[Images for object localization]
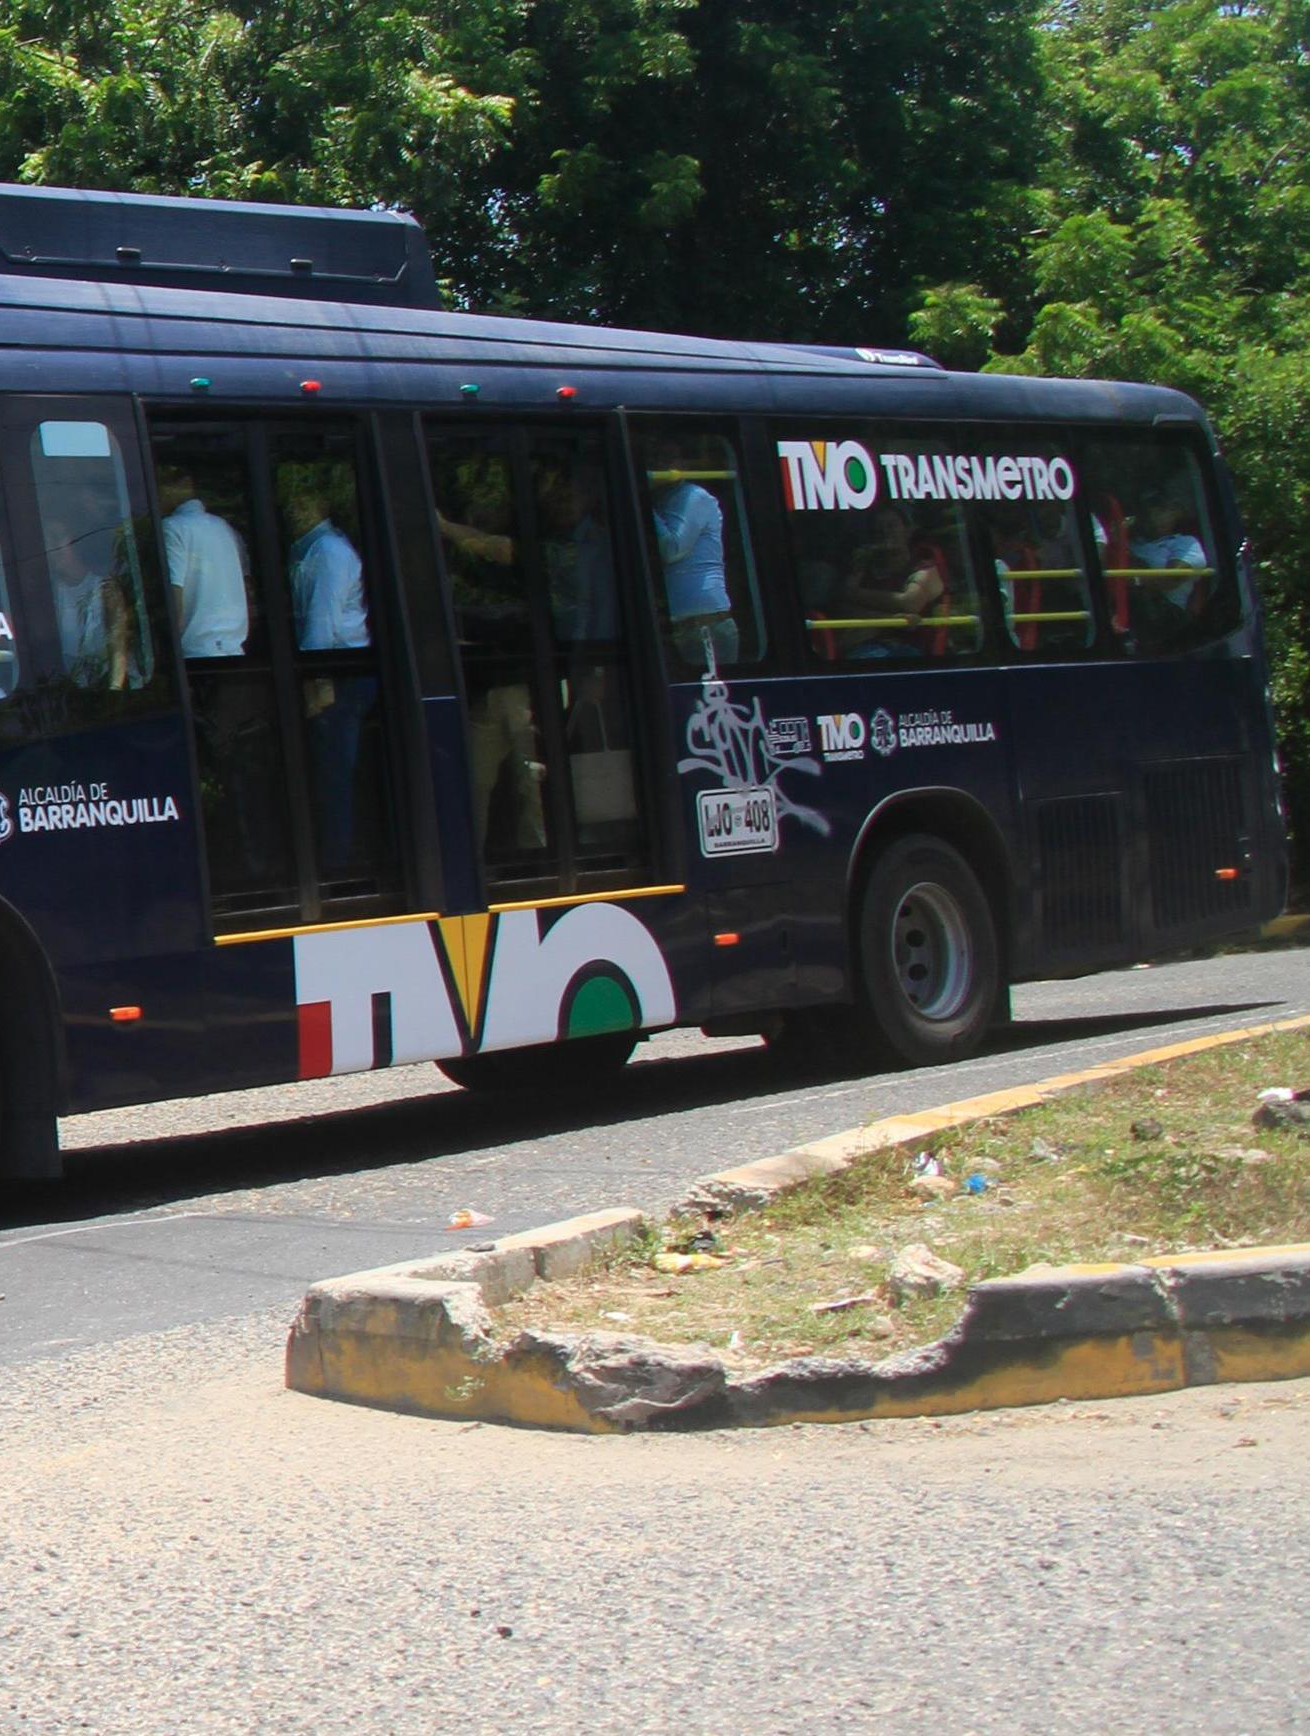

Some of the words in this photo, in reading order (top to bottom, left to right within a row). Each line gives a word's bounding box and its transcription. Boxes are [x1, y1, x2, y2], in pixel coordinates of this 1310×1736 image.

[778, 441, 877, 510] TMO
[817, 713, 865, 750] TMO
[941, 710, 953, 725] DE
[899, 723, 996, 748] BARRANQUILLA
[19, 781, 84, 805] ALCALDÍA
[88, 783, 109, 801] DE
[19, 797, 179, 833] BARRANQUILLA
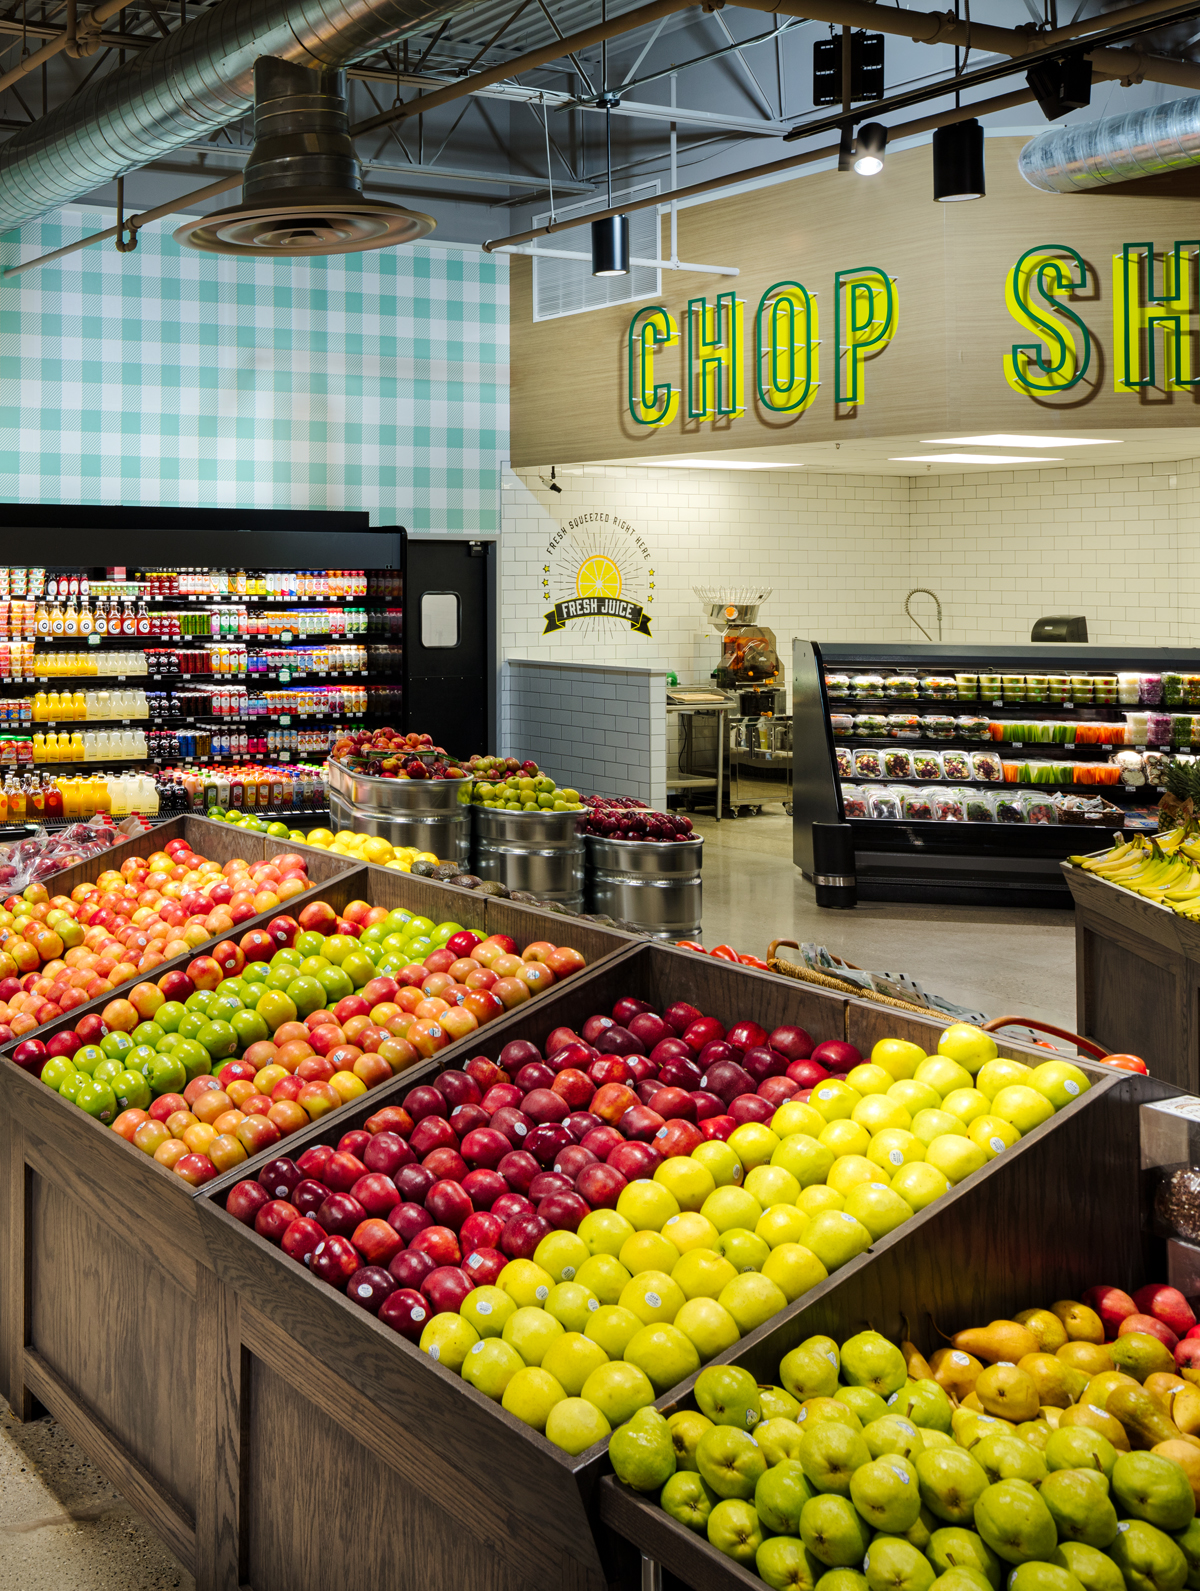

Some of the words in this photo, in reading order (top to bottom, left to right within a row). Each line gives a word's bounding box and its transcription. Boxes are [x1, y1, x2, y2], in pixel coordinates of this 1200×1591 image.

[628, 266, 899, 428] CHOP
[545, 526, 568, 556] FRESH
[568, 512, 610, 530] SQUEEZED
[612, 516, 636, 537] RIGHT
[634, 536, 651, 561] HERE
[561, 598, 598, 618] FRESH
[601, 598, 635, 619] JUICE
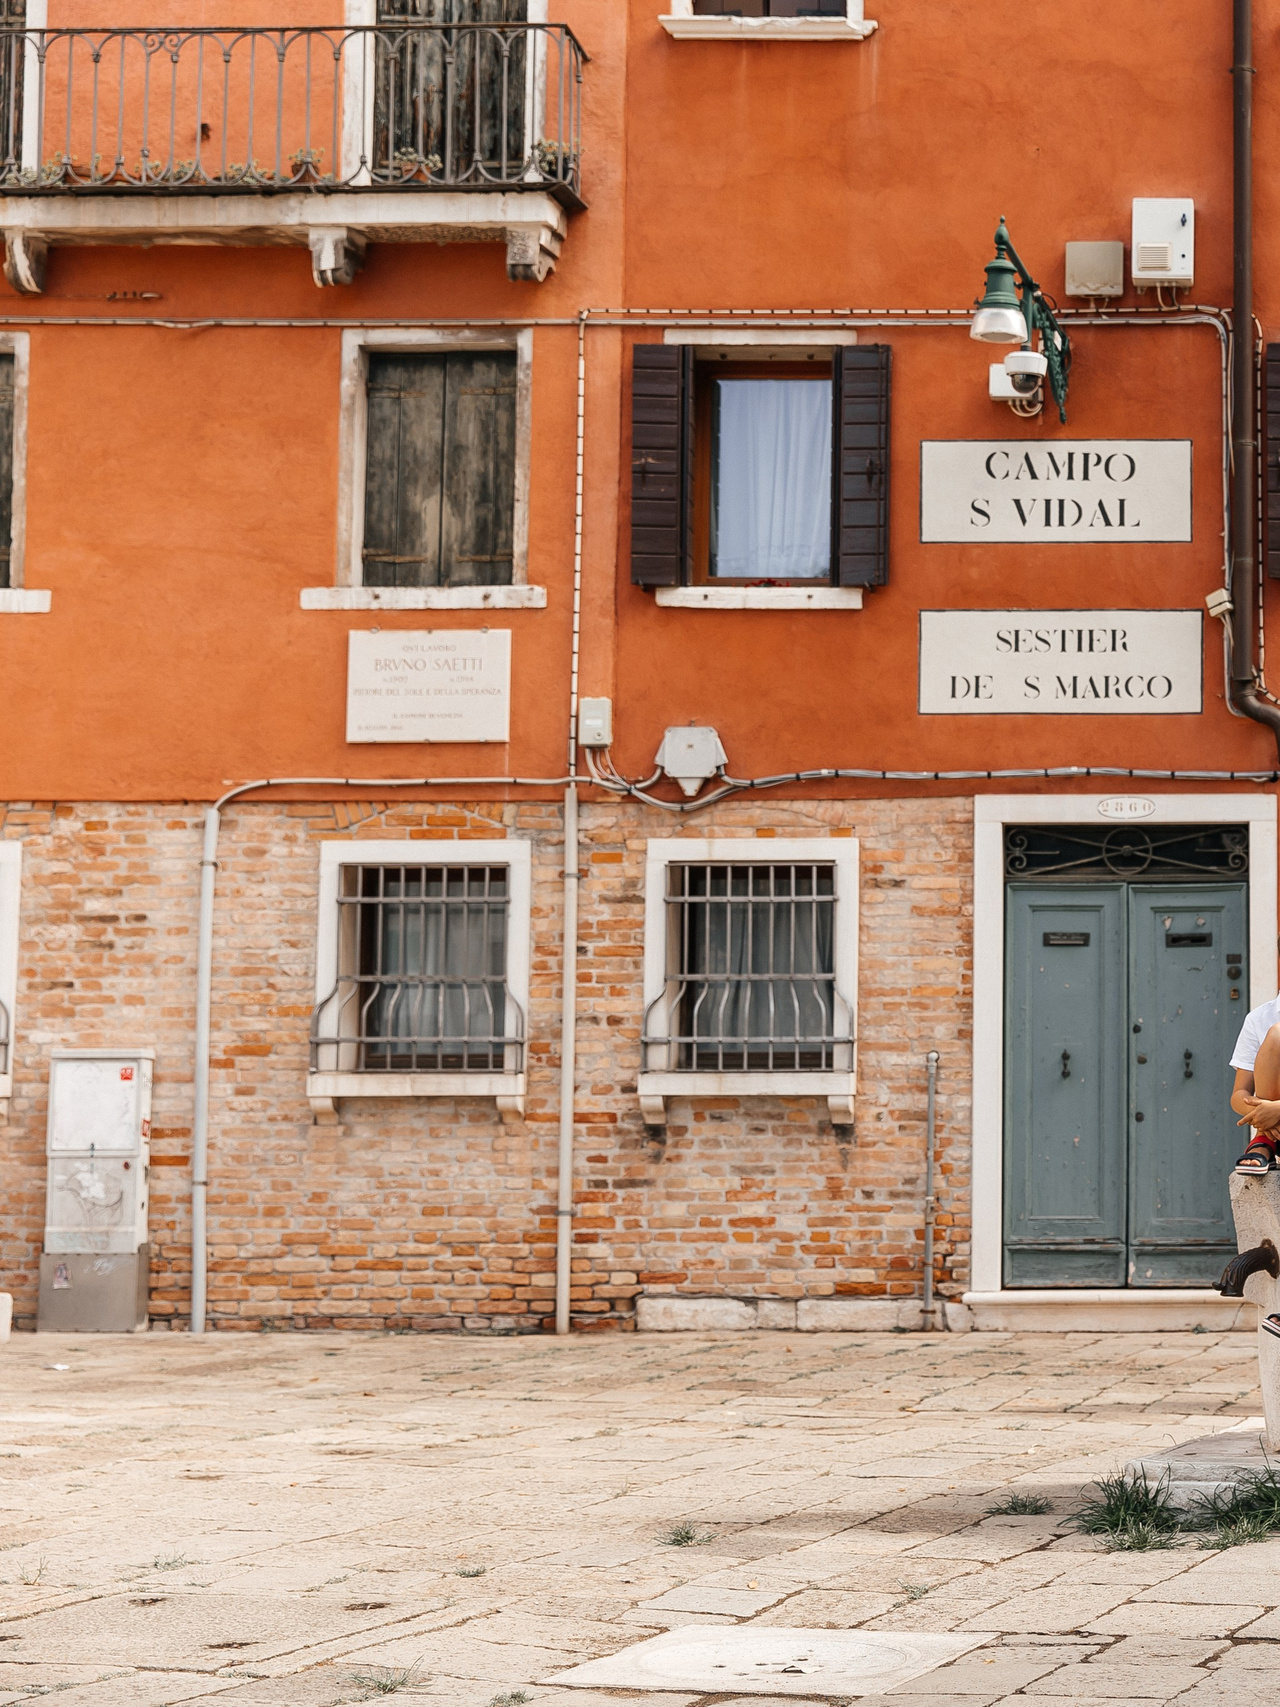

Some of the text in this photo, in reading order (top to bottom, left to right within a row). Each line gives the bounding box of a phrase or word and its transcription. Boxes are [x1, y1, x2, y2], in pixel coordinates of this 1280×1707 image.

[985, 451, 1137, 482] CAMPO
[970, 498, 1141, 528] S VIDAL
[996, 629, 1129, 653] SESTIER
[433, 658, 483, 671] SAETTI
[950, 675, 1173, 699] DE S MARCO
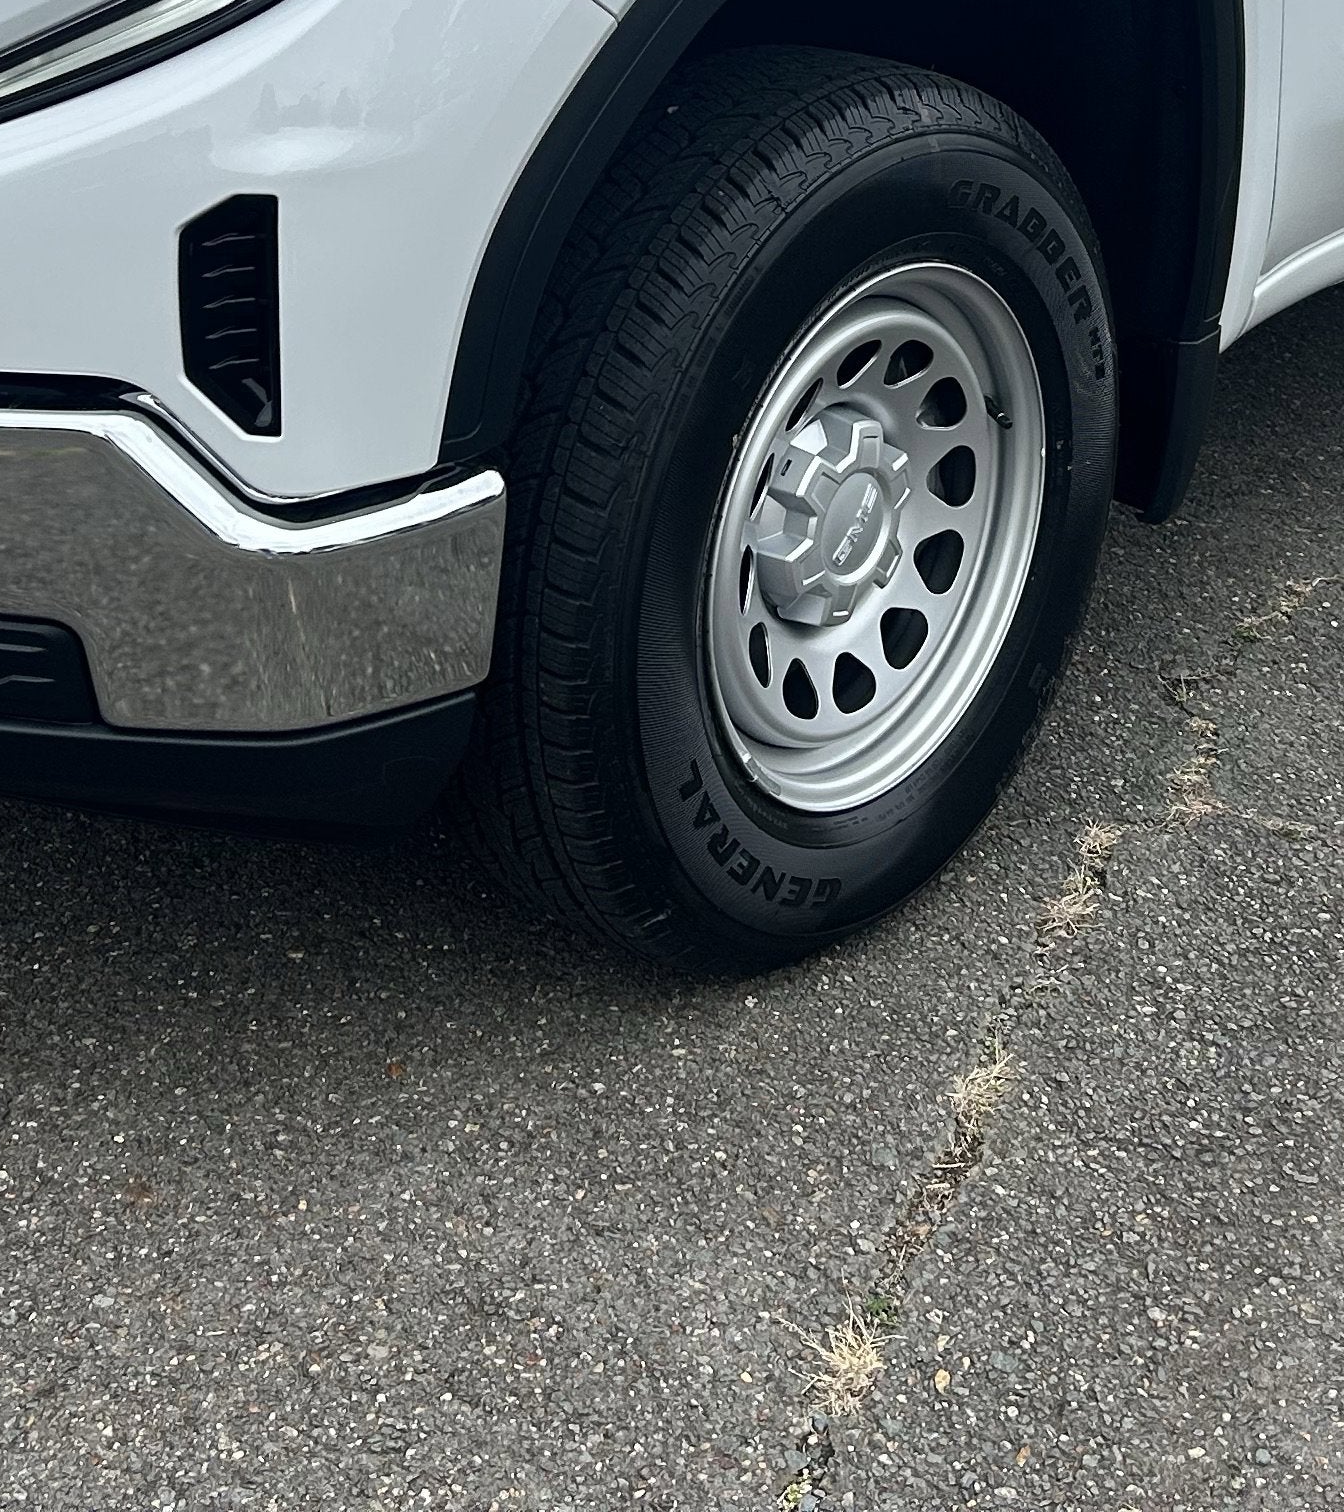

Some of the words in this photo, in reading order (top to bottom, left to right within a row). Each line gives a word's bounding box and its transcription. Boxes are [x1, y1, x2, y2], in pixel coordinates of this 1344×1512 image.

Your assignment: Line by line, write out the entries exactly, and leave the pictures out.

Reply to the exercise:
Some of the words in this photo, in reading order (top to bottom, left to right within a row). Each line gives a word's bounding box and its transcription. Boxes are [x1, y1, x2, y2], in pixel coordinates of this 1310×1736 image.

[778, 441, 877, 510] TMO
[817, 713, 865, 750] TMO
[941, 710, 953, 725] DE
[899, 723, 996, 748] BARRANQUILLA
[19, 781, 84, 805] ALCALDÍA
[88, 783, 109, 801] DE
[19, 797, 179, 833] BARRANQUILLA

Some of the words in this photo, in reading order (top to bottom, left to right within a row). Each line gives a word's bounding box and its transcription. Boxes are [x1, y1, x2, y2], in pixel coordinates of this 1200×1591 image.

[628, 266, 899, 428] CHOP
[545, 526, 568, 556] FRESH
[568, 512, 610, 530] SQUEEZED
[612, 516, 636, 537] RIGHT
[634, 536, 651, 561] HERE
[561, 598, 598, 618] FRESH
[601, 598, 635, 619] JUICE

Some of the text in this photo, in reading order (top to bottom, left to right within a row). Each line gives the bounding box of a phrase or word and its transcription. Boxes are [x1, y1, x2, y2], in pixel coordinates of this 1280×1707 image.

[985, 451, 1137, 482] CAMPO
[970, 498, 1141, 528] S VIDAL
[996, 629, 1129, 653] SESTIER
[433, 658, 483, 671] SAETTI
[950, 675, 1173, 699] DE S MARCO

Some of the words in this photo, in reading order (top to bottom, left to right within a row). Each line gives a word's bounding box and its transcription. Boxes are [x1, y1, x2, y2], in pixel coordinates of this 1344×1512 image.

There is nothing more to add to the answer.